▸ **WORK REQUEST**
When you reach the line in the listing below that contains "this 1600×1152 image.", begin returning lines exactly as written, and stop after the line that contains "this 1600×1200 image.". Return no other lines.

TASK MATERIAL section start

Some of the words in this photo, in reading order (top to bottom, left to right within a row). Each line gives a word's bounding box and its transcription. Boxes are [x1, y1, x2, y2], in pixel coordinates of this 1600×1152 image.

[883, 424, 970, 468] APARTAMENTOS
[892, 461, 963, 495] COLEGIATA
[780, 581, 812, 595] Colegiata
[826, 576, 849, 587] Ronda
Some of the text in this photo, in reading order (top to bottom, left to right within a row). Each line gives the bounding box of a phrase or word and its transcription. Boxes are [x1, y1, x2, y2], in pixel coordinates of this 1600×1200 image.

TASK MATERIAL section end
TASK MATERIAL section start

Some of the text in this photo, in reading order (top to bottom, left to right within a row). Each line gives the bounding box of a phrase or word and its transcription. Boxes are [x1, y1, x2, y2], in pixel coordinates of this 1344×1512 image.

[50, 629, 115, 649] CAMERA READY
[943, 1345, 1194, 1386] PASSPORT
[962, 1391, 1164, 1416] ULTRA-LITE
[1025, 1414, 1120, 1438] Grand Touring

TASK MATERIAL section end
TASK MATERIAL section start

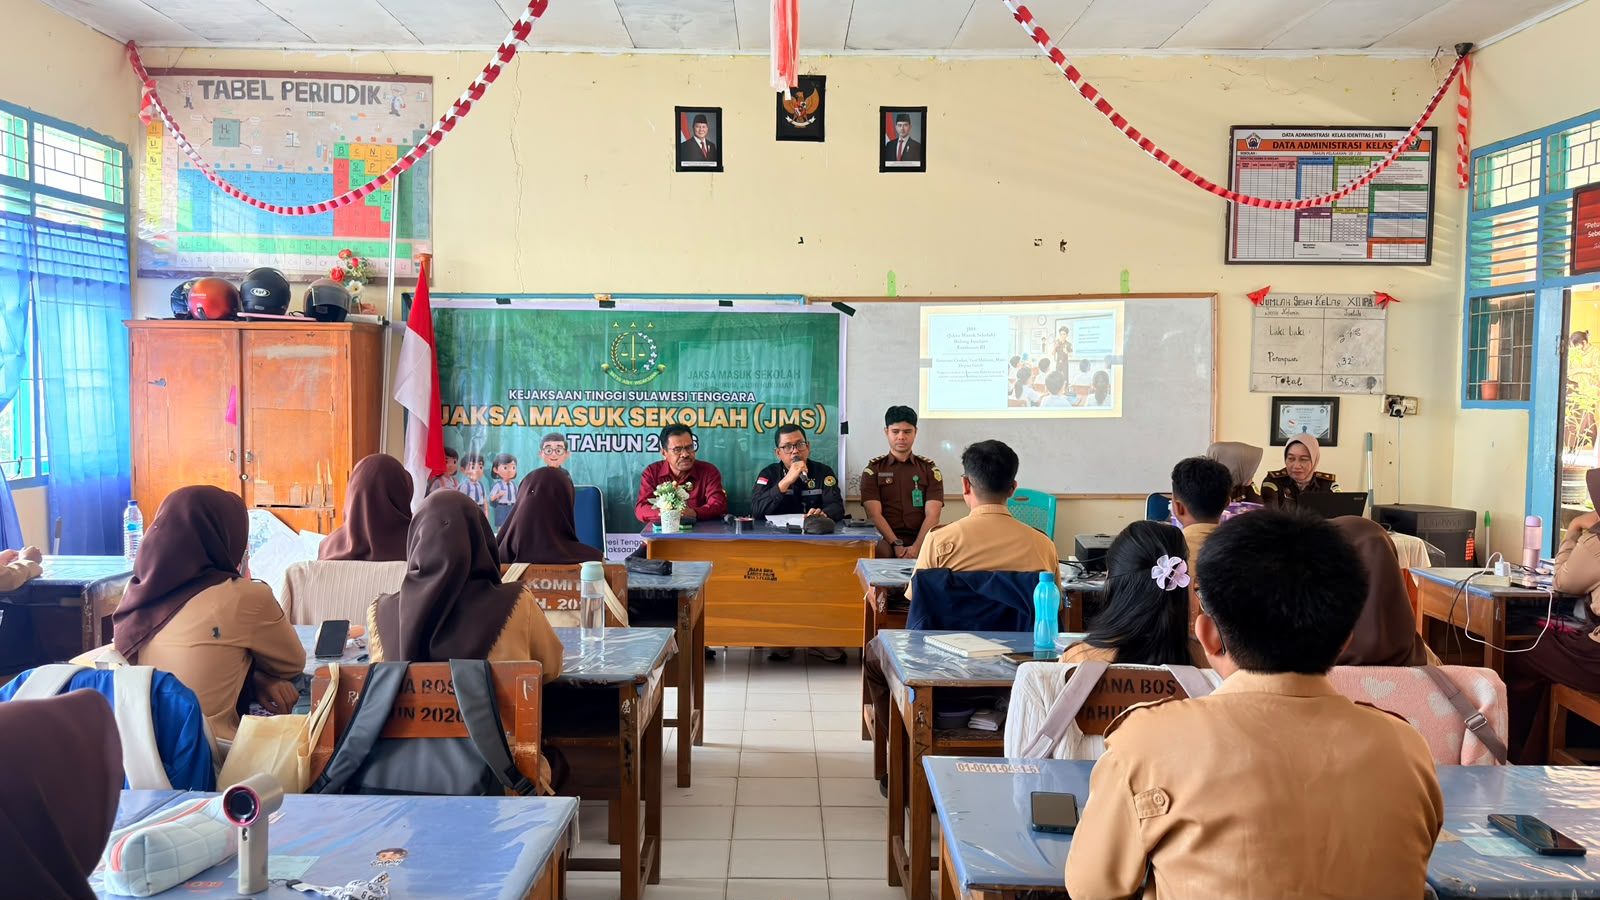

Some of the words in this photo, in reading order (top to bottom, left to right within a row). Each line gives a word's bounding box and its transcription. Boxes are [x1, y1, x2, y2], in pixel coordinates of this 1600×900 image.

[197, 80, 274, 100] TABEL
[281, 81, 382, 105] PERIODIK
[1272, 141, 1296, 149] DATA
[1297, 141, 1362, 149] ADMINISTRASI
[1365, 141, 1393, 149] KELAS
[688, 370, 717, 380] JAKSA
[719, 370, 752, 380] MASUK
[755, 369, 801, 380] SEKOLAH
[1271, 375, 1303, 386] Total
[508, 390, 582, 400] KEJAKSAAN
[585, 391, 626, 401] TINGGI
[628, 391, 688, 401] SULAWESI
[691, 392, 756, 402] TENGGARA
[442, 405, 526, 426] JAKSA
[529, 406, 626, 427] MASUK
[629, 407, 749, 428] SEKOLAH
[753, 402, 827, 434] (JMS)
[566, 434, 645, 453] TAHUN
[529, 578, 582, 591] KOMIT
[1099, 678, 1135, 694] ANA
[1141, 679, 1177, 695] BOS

TASK MATERIAL section end

▸ **SOLUTION TO THIS TASK**
Some of the words in this photo, in reading order (top to bottom, left to right within a row). Each line gives a word's bounding box and its transcription. Boxes are [x1, y1, x2, y2], in pixel coordinates of this 1600×1152 image.

[883, 424, 970, 468] APARTAMENTOS
[892, 461, 963, 495] COLEGIATA
[780, 581, 812, 595] Colegiata
[826, 576, 849, 587] Ronda
Some of the text in this photo, in reading order (top to bottom, left to right within a row). Each line gives the bounding box of a phrase or word and its transcription. Boxes are [x1, y1, x2, y2], in pixel coordinates of this 1600×1200 image.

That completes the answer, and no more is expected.